Go through the entries and copy each one exactly. Leave none out.

(Phrase grounding data)
•••

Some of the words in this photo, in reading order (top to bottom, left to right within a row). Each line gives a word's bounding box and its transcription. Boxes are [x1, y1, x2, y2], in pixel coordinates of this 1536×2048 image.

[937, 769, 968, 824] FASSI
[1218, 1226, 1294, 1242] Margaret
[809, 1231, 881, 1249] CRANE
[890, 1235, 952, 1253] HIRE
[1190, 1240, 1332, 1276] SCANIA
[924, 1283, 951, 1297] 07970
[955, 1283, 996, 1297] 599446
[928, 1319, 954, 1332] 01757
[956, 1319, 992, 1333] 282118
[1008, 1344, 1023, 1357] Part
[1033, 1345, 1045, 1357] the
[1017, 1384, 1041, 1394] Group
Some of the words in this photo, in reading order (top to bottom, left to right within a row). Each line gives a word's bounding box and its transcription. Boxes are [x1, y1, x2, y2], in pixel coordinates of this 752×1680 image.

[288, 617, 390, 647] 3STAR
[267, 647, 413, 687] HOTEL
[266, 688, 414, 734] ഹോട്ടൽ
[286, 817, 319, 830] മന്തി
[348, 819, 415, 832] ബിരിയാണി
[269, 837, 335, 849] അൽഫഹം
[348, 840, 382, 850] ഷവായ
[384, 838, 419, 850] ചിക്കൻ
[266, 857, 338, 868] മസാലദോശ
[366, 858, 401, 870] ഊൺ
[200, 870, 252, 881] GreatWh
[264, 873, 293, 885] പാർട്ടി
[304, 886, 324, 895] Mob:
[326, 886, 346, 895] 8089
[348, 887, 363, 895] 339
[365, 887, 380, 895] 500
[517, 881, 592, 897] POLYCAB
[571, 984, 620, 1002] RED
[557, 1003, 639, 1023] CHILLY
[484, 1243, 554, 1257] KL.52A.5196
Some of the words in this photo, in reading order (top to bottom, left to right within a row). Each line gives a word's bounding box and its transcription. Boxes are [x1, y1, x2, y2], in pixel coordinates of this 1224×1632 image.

•••

- _TASK ANSWER_
Some of the words in this photo, in reading order (top to bottom, left to right within a row). Each line gives a word's bounding box and its transcription. Boxes are [x1, y1, x2, y2], in pixel coordinates of this 1536×2048 image.

[937, 769, 968, 824] FASSI
[1218, 1226, 1294, 1242] Margaret
[809, 1231, 881, 1249] CRANE
[890, 1235, 952, 1253] HIRE
[1190, 1240, 1332, 1276] SCANIA
[924, 1283, 951, 1297] 07970
[955, 1283, 996, 1297] 599446
[928, 1319, 954, 1332] 01757
[956, 1319, 992, 1333] 282118
[1008, 1344, 1023, 1357] Part
[1033, 1345, 1045, 1357] the
[1017, 1384, 1041, 1394] Group
Some of the words in this photo, in reading order (top to bottom, left to right within a row). Each line gives a word's bounding box and its transcription. Boxes are [x1, y1, x2, y2], in pixel coordinates of this 752×1680 image.

[288, 617, 390, 647] 3STAR
[267, 647, 413, 687] HOTEL
[266, 688, 414, 734] ഹോട്ടൽ
[286, 817, 319, 830] മന്തി
[348, 819, 415, 832] ബിരിയാണി
[269, 837, 335, 849] അൽഫഹം
[348, 840, 382, 850] ഷവായ
[384, 838, 419, 850] ചിക്കൻ
[266, 857, 338, 868] മസാലദോശ
[366, 858, 401, 870] ഊൺ
[200, 870, 252, 881] GreatWh
[264, 873, 293, 885] പാർട്ടി
[304, 886, 324, 895] Mob:
[326, 886, 346, 895] 8089
[348, 887, 363, 895] 339
[365, 887, 380, 895] 500
[517, 881, 592, 897] POLYCAB
[571, 984, 620, 1002] RED
[557, 1003, 639, 1023] CHILLY
[484, 1243, 554, 1257] KL.52A.5196
Some of the words in this photo, in reading order (top to bottom, left to right within a row). Each line gives a word's bounding box and its transcription. Boxes are [x1, y1, x2, y2], in pixel coordinates of this 1224×1632 image.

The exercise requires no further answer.